§ **Data under study**
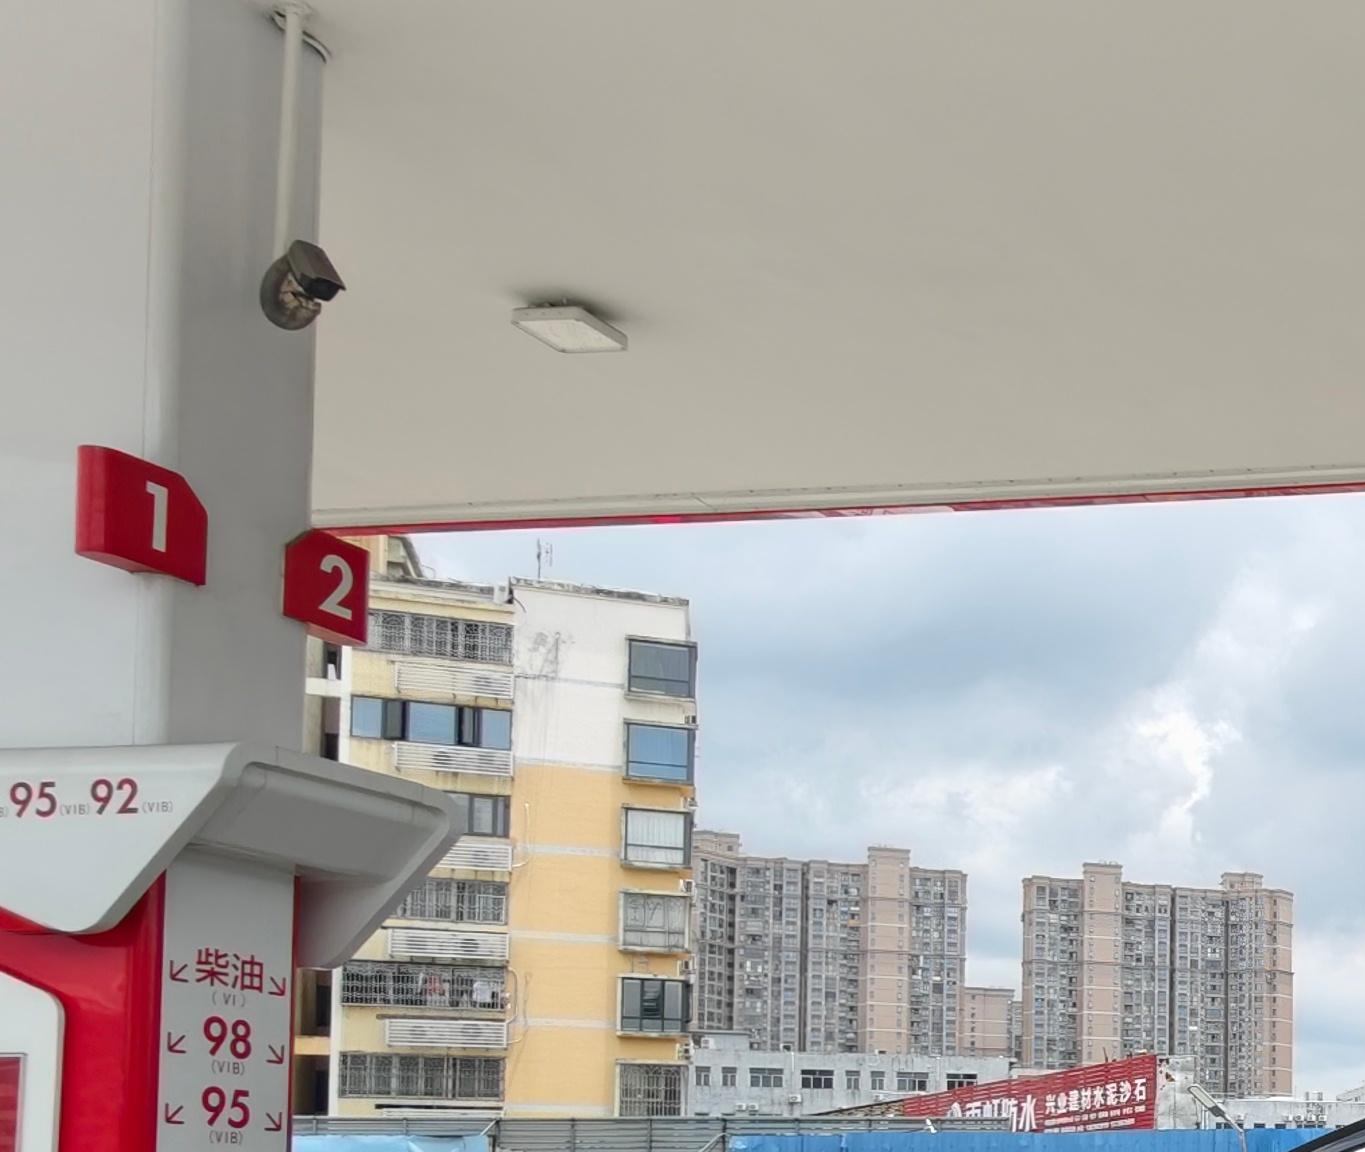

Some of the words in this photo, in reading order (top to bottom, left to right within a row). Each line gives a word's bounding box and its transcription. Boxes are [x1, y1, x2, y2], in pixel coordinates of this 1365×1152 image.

[145, 481, 169, 553] 1
[318, 553, 354, 620] 2
[9, 781, 57, 818] 95
[90, 777, 139, 815] 92
[195, 947, 264, 994] 柴油
[203, 1015, 252, 1060] 98
[201, 1085, 250, 1129] 95

§ **Work to complete**
Repeat all of the entries above exactly. Keep pictures out of it.

§ **Output for this task**
Some of the words in this photo, in reading order (top to bottom, left to right within a row). Each line gives a word's bounding box and its transcription. Boxes are [x1, y1, x2, y2], in pixel coordinates of this 1365×1152 image.

[145, 481, 169, 553] 1
[318, 553, 354, 620] 2
[9, 781, 57, 818] 95
[90, 777, 139, 815] 92
[195, 947, 264, 994] 柴油
[203, 1015, 252, 1060] 98
[201, 1085, 250, 1129] 95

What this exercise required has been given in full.